DESCRIPTION OF THE TASK ▸
Quote all of the data that follows exactly as written, skipping the images.

(Collected data)
++++++
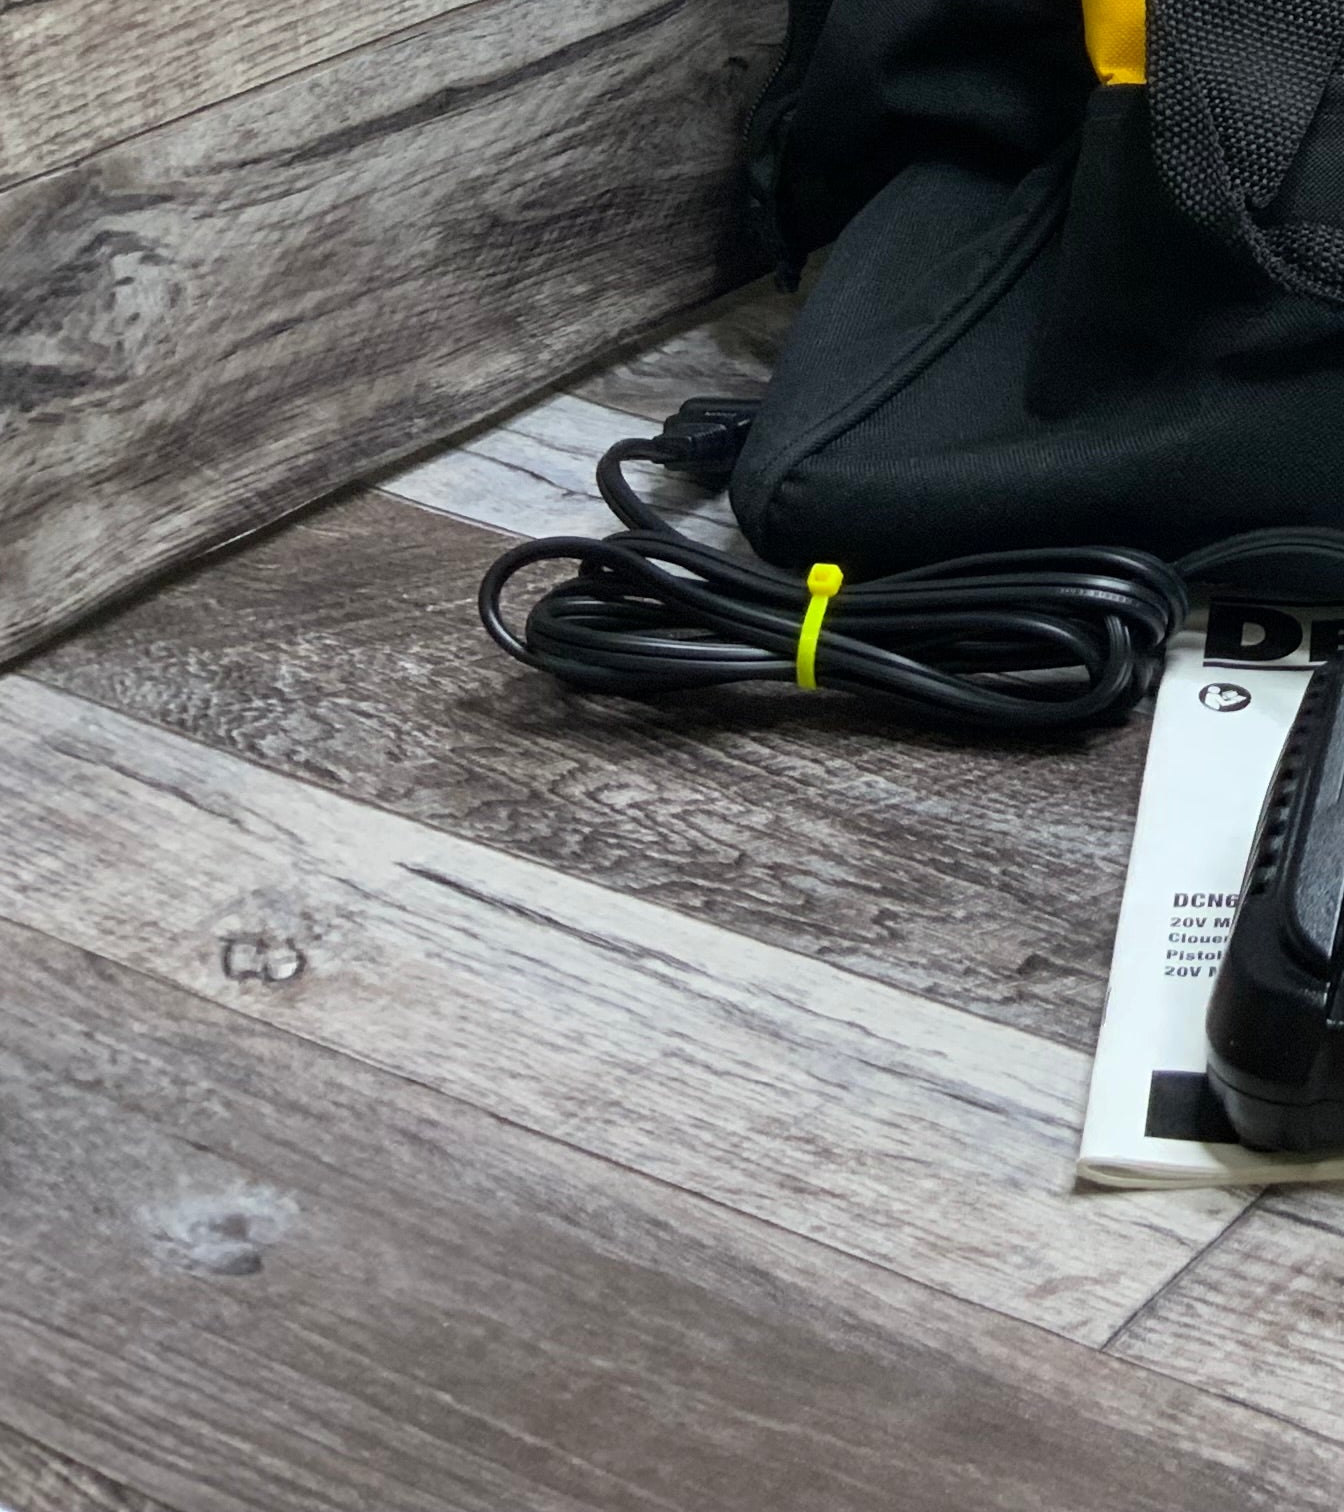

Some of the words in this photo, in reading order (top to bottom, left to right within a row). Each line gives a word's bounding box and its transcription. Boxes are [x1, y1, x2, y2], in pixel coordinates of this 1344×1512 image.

[1173, 892, 1240, 908] DCN6
[1169, 917, 1207, 928] 20V
[1166, 950, 1222, 961] Pistol
[1164, 966, 1202, 977] 20V
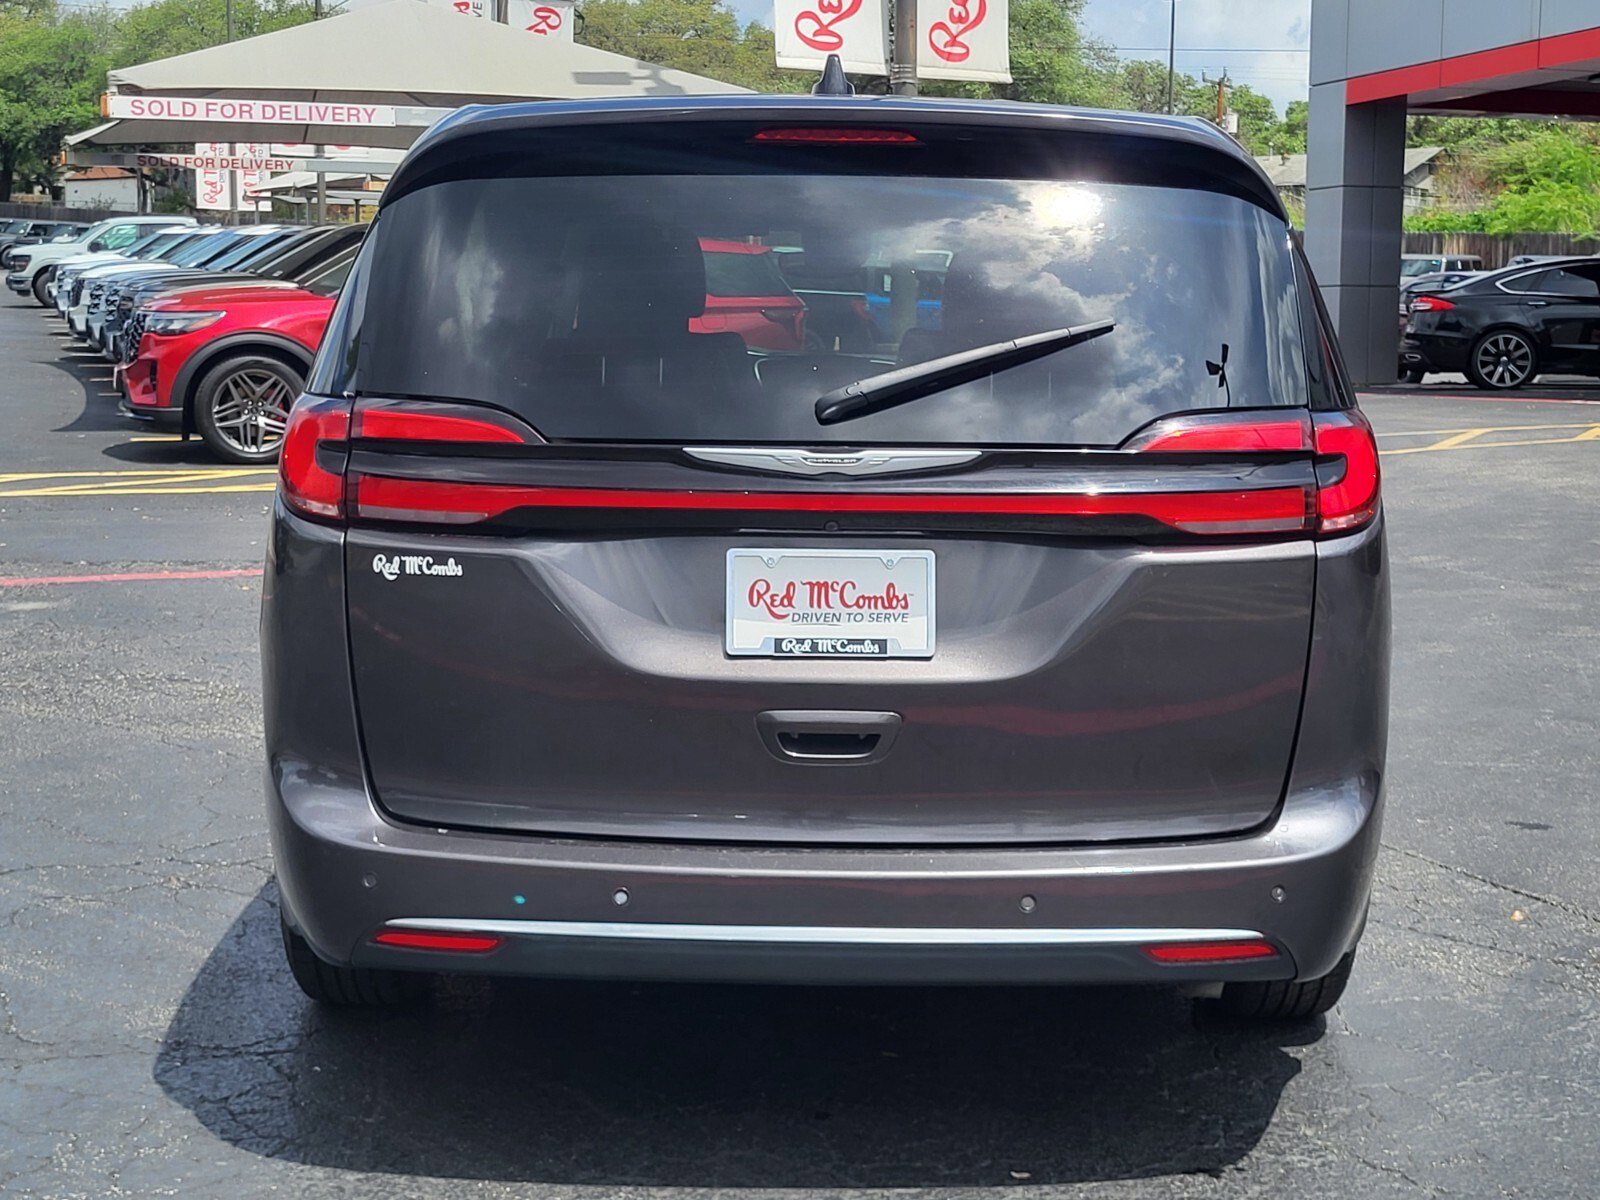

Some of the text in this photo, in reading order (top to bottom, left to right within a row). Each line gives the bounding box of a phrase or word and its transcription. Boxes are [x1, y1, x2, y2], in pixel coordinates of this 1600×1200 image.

[795, 0, 862, 51] Re
[929, 0, 987, 63] Re
[130, 99, 377, 124] SOLD FOR DELIVERY
[137, 155, 294, 170] SOLD FOR DELIVERY
[203, 180, 223, 204] Red
[372, 553, 463, 581] Red McCombs
[748, 578, 796, 620] Red
[791, 612, 909, 623] DRIVEN TO SERVE
[781, 638, 879, 654] Red McCombs
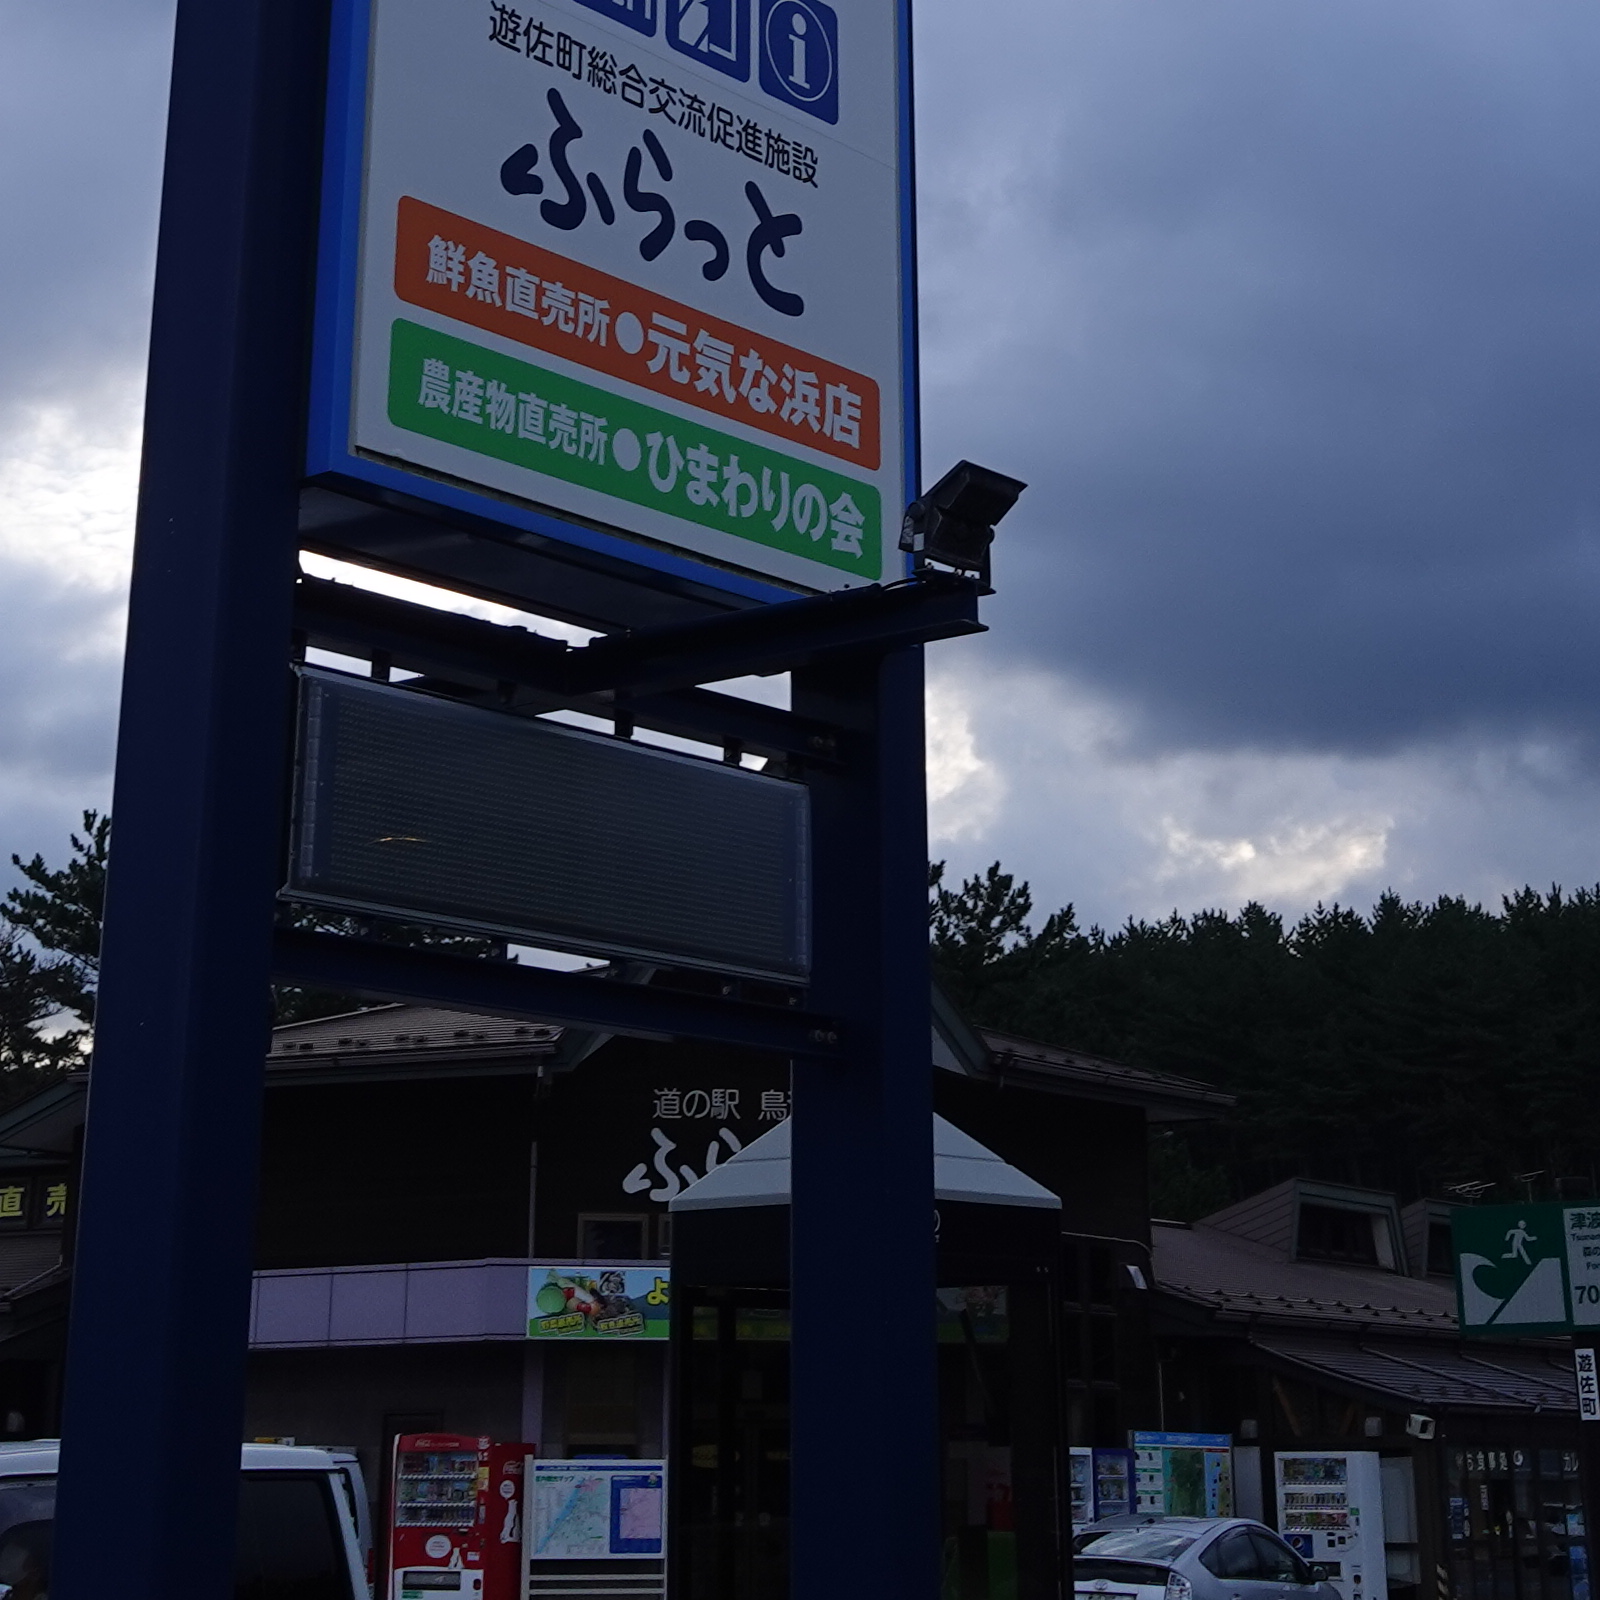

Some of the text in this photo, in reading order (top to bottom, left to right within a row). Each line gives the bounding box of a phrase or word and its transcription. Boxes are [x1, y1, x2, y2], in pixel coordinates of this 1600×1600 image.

[488, 0, 819, 188] 遊佐町総合交流促進施設
[500, 87, 805, 317] ふらっと
[652, 1088, 791, 1121] 道の駅 鳥
[1577, 1353, 1596, 1416] 遊佐町
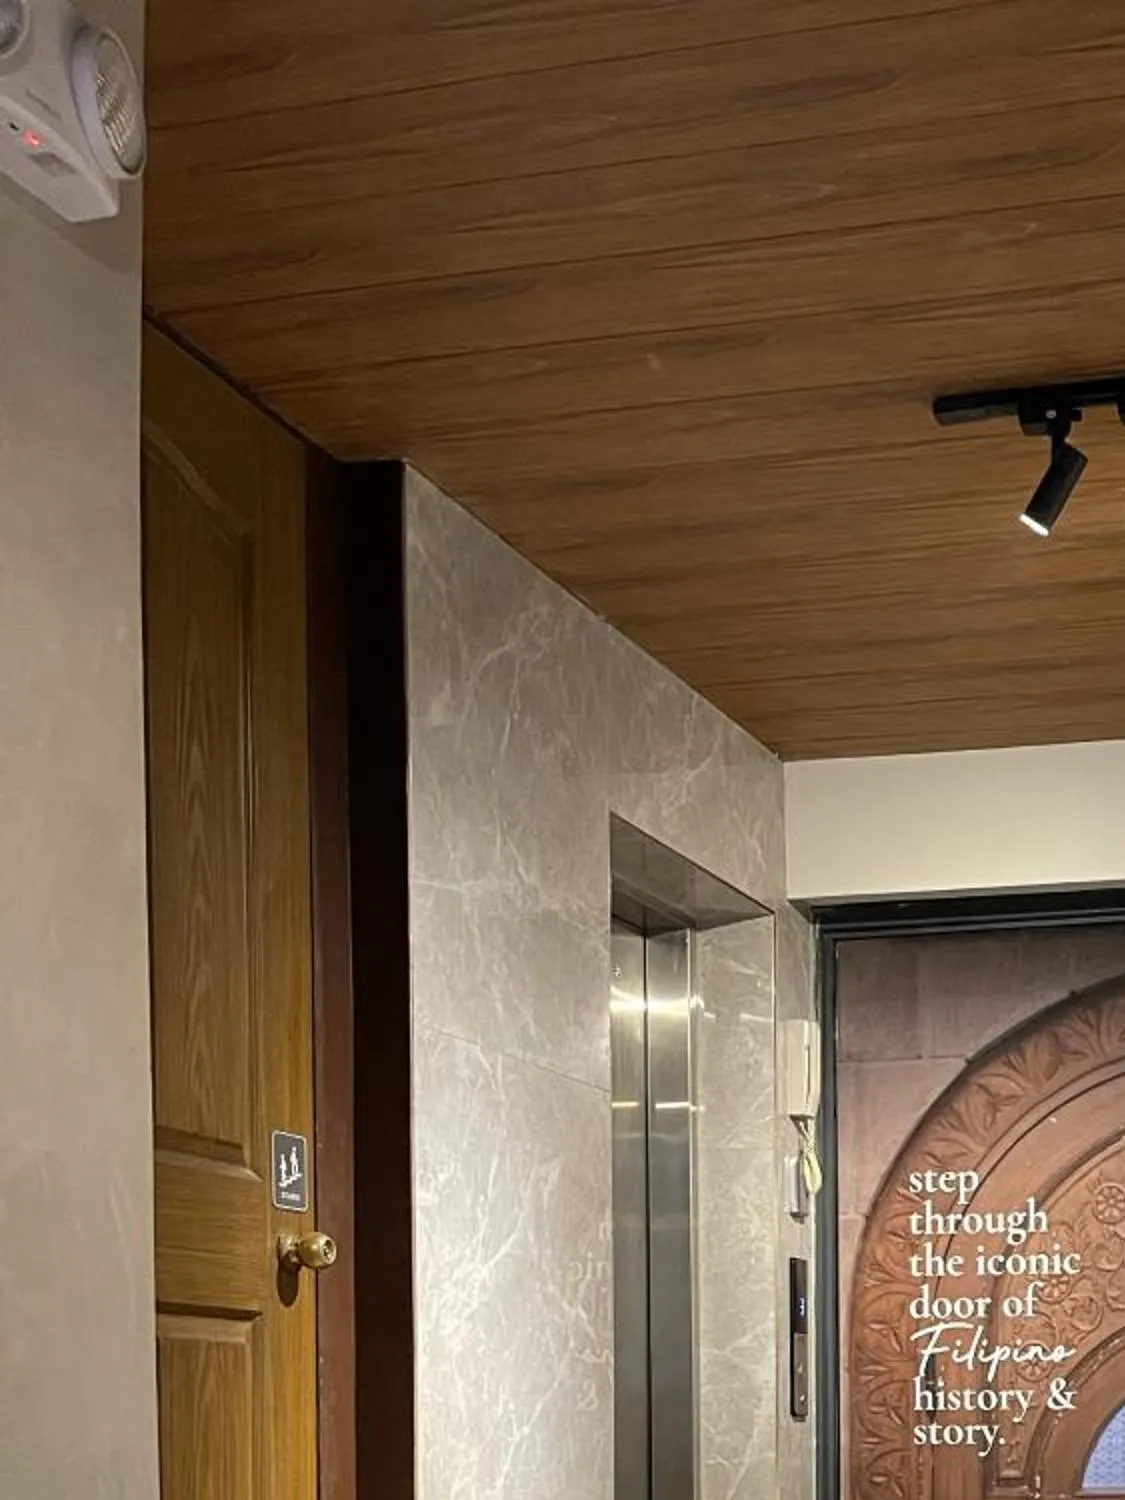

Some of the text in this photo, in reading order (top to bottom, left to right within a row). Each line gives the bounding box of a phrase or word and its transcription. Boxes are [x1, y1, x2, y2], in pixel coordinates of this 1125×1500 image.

[909, 1169, 979, 1204] step
[910, 1197, 1049, 1245] through
[910, 1243, 1081, 1276] the iconic
[910, 1281, 1044, 1320] door of
[910, 1321, 1077, 1382] Filipino
[913, 1375, 1077, 1422] history &
[913, 1421, 1006, 1457] story.
++++++
EXERCISE SOLUTION ▸
Some of the words in this photo, in reading order (top to bottom, left to right within a row). Each line gives a word's bounding box and its transcription. Boxes are [x1, y1, x2, y2], in pixel coordinates of this 1344×1512 image.

[1173, 892, 1240, 908] DCN6
[1169, 917, 1207, 928] 20V
[1166, 950, 1222, 961] Pistol
[1164, 966, 1202, 977] 20V

Some of the text in this photo, in reading order (top to bottom, left to right within a row). Each line gives the bounding box of a phrase or word and its transcription. Boxes are [x1, y1, x2, y2], in pixel coordinates of this 1600×1200 image.

[795, 0, 862, 51] Re
[929, 0, 987, 63] Re
[130, 99, 377, 124] SOLD FOR DELIVERY
[137, 155, 294, 170] SOLD FOR DELIVERY
[203, 180, 223, 204] Red
[372, 553, 463, 581] Red McCombs
[748, 578, 796, 620] Red
[791, 612, 909, 623] DRIVEN TO SERVE
[781, 638, 879, 654] Red McCombs

Some of the text in this photo, in reading order (top to bottom, left to right within a row). Each line gives the bounding box of a phrase or word and its transcription. Boxes are [x1, y1, x2, y2], in pixel coordinates of this 1600×1600 image.

[488, 0, 819, 188] 遊佐町総合交流促進施設
[500, 87, 805, 317] ふらっと
[652, 1088, 791, 1121] 道の駅 鳥
[1577, 1353, 1596, 1416] 遊佐町

Some of the text in this photo, in reading order (top to bottom, left to right within a row). Each line gives the bounding box of a phrase or word and its transcription. Boxes are [x1, y1, x2, y2], in pixel coordinates of this 1125×1500 image.

[909, 1169, 979, 1204] step
[910, 1197, 1049, 1245] through
[910, 1243, 1081, 1276] the iconic
[910, 1281, 1044, 1320] door of
[910, 1321, 1077, 1382] Filipino
[913, 1375, 1077, 1422] history &
[913, 1421, 1006, 1457] story.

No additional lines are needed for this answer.